Mit der Entscheidung geht die Autobahngesellschaft auf Nummer sicher. Sollte sich die Ergänzungsvereinbarung mit Tank & Rast als unwirksam erweisen, könnten die Kosten erheblich sein. Die Rückabwicklung könnte lange dauern. Schon einmal hatte der EuGH einem verkehrspolitischen Großprojekt den Stecker gezogen: Die Pkw-Maut des ehemaligen Bundesverkehrsministers Andreas Scheuer (CSU) ist dort 2019 gescheitert und führte dazu, dass sein Nachfolger Volker Wissing (FDP) 240 Millionen Euro Schadenersatz an die Betreiberunternehmen zahlen musste.
EuGH fällt sein Urteil vermutlich im Herbst 2024
Die rechtlichen Zweifel bedeuten auch, dass bis auf weiteres gerade an zentralen Stellen im Land keine Ladesäulen für E-Autos gebaut werden.
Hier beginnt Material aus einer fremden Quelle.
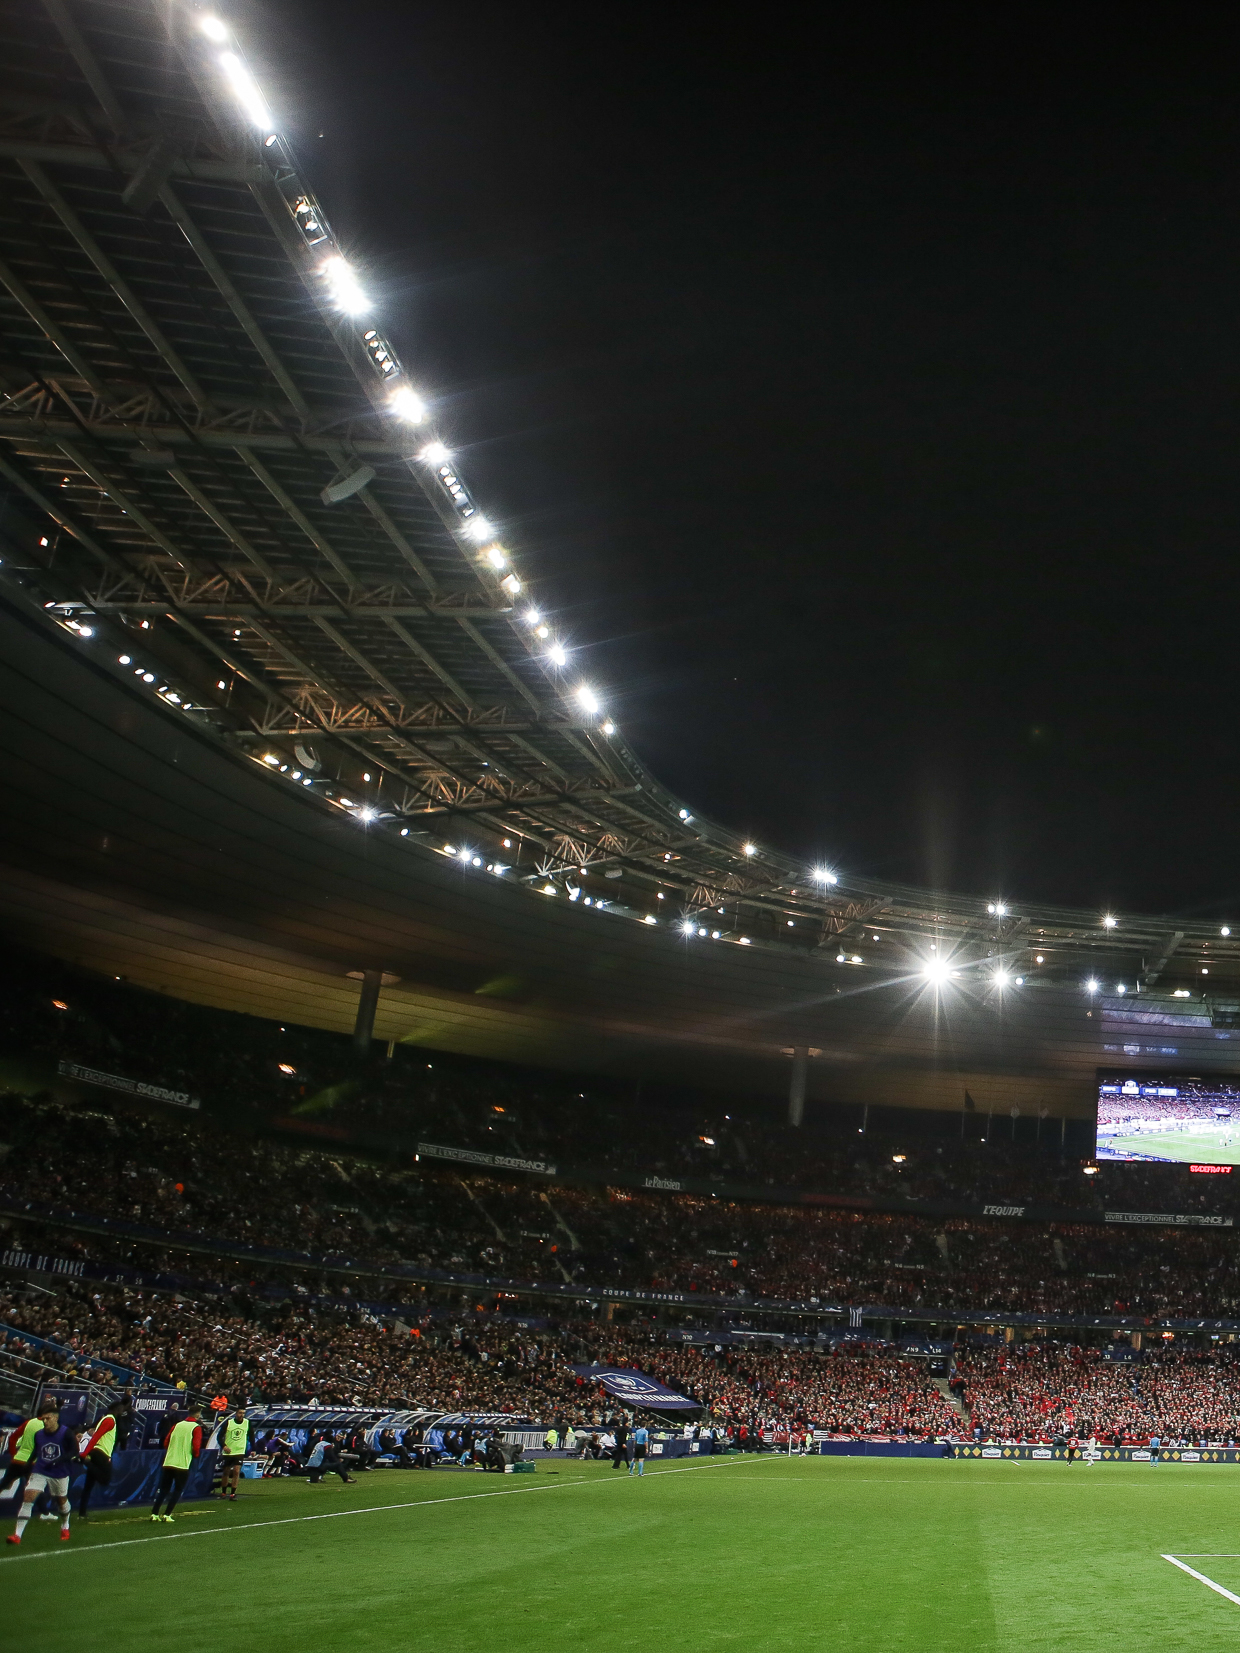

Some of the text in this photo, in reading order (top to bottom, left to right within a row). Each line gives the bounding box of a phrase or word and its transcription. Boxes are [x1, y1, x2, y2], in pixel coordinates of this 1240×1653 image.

[982, 1205, 1026, 1217] L'EQUIPE
[3, 1250, 85, 1277] COUPE DE FRANCE
[602, 1289, 630, 1298] COUPE
[651, 1292, 684, 1302] FRANCE
Derzeit wird damit gerechnet, dass der EuGH im Herbst 2024 sein Urteil fällen könnte. Dann muss noch das Oberlandesgericht Düsseldorf den Fall in der Sache entscheiden. Damit wird im Frühjahr 2025 gerechnet. Die deutschen Richter behandeln das Verfahren von Tesla und Fastned federführend. Im Juni 2023 hatten sie dem EuGH einige Fragen zur Entscheidung vorgelegt. Die Luxemburger Richter sind gerade dabei, Stellungnahmen in dem Verfahren einzuholen.
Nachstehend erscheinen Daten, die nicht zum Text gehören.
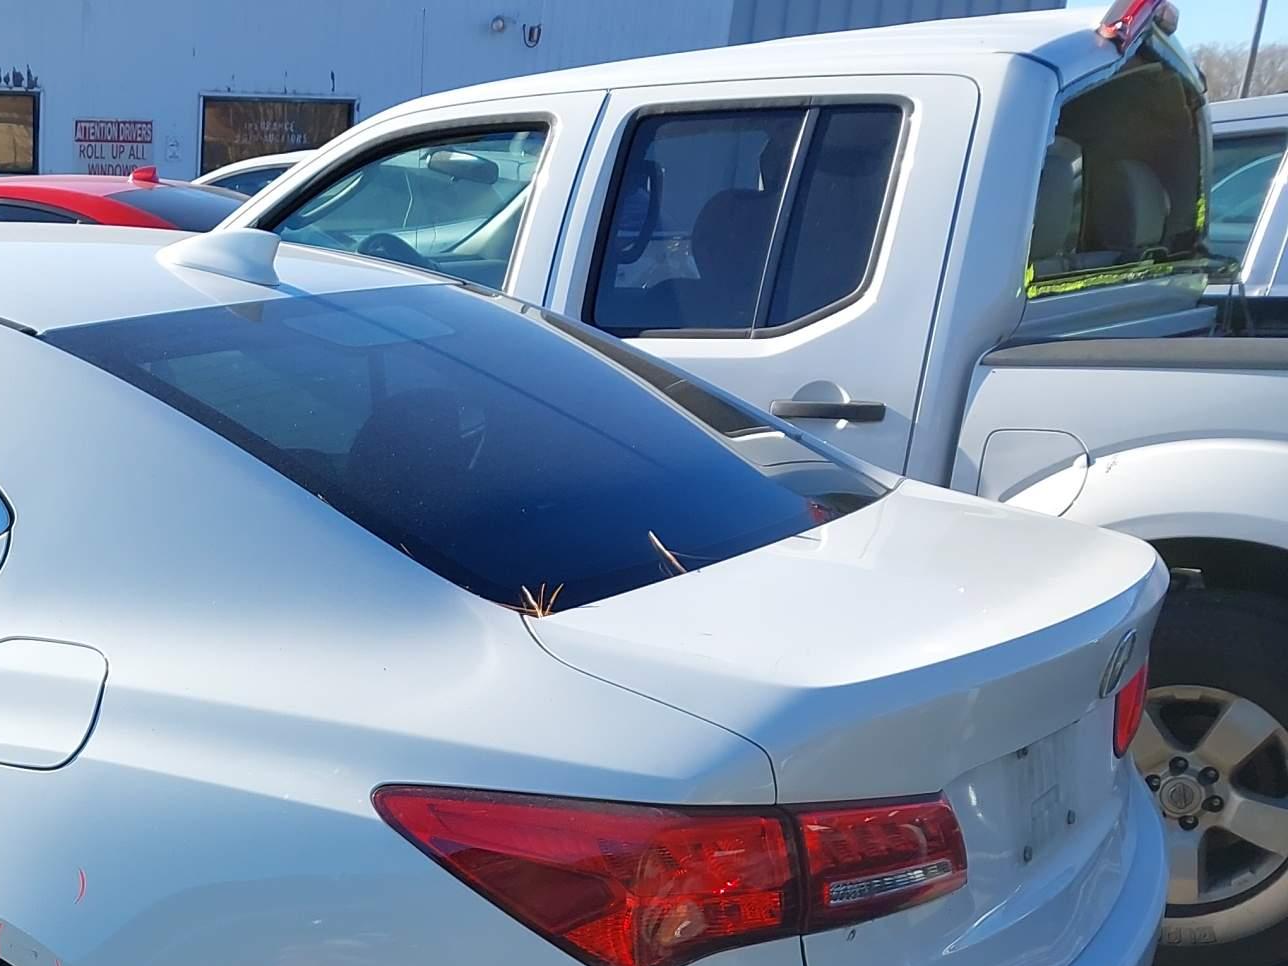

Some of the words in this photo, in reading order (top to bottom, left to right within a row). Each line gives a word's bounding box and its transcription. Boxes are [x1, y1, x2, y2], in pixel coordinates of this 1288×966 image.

Für Zweifel an der Rechtslage im Streit um die Ladesäulen an den Autobahnraststätten sorgen offenbar auch Erfahrungen der vergangenen Jahre um die Präsenz der Mineralölgesellschaften an den Autobahntankstellen. Die war ursprünglich an den Autobahntankstellen ohne Ausschreibung festgelegt worden, einfach entsprechend den Marktanteilen der Tankstellenmarken in Deutschland. Nach Beschwerden und Interventionen unter anderem des Bundeskartellamtes muss nun seit 2018 zumindest ein Teil dieser Belieferungsrechte in einer europaweiten Ausschreibung versteigert werden. Dieses Prinzip gilt für den Zeitraum von 2023 bis 2028 für 41 Prozent der Autobahntankstellen, während 49 Prozent der Tankstellen nach Marktanteilen in Deutschland vergeben wurden und 10 Prozent der Tankstellen direkt an Mineralölgesellschaften verpachtet sind. Nach dieser Erfahrung im Tankstellengeschäft scheint es zweifelhaft, dass nun die Möglichkeiten zum Bau von Ladesäulen ohne Ausschreibung vergeben werden wie in früheren Jahren die Belieferung von Autobahntankstellen.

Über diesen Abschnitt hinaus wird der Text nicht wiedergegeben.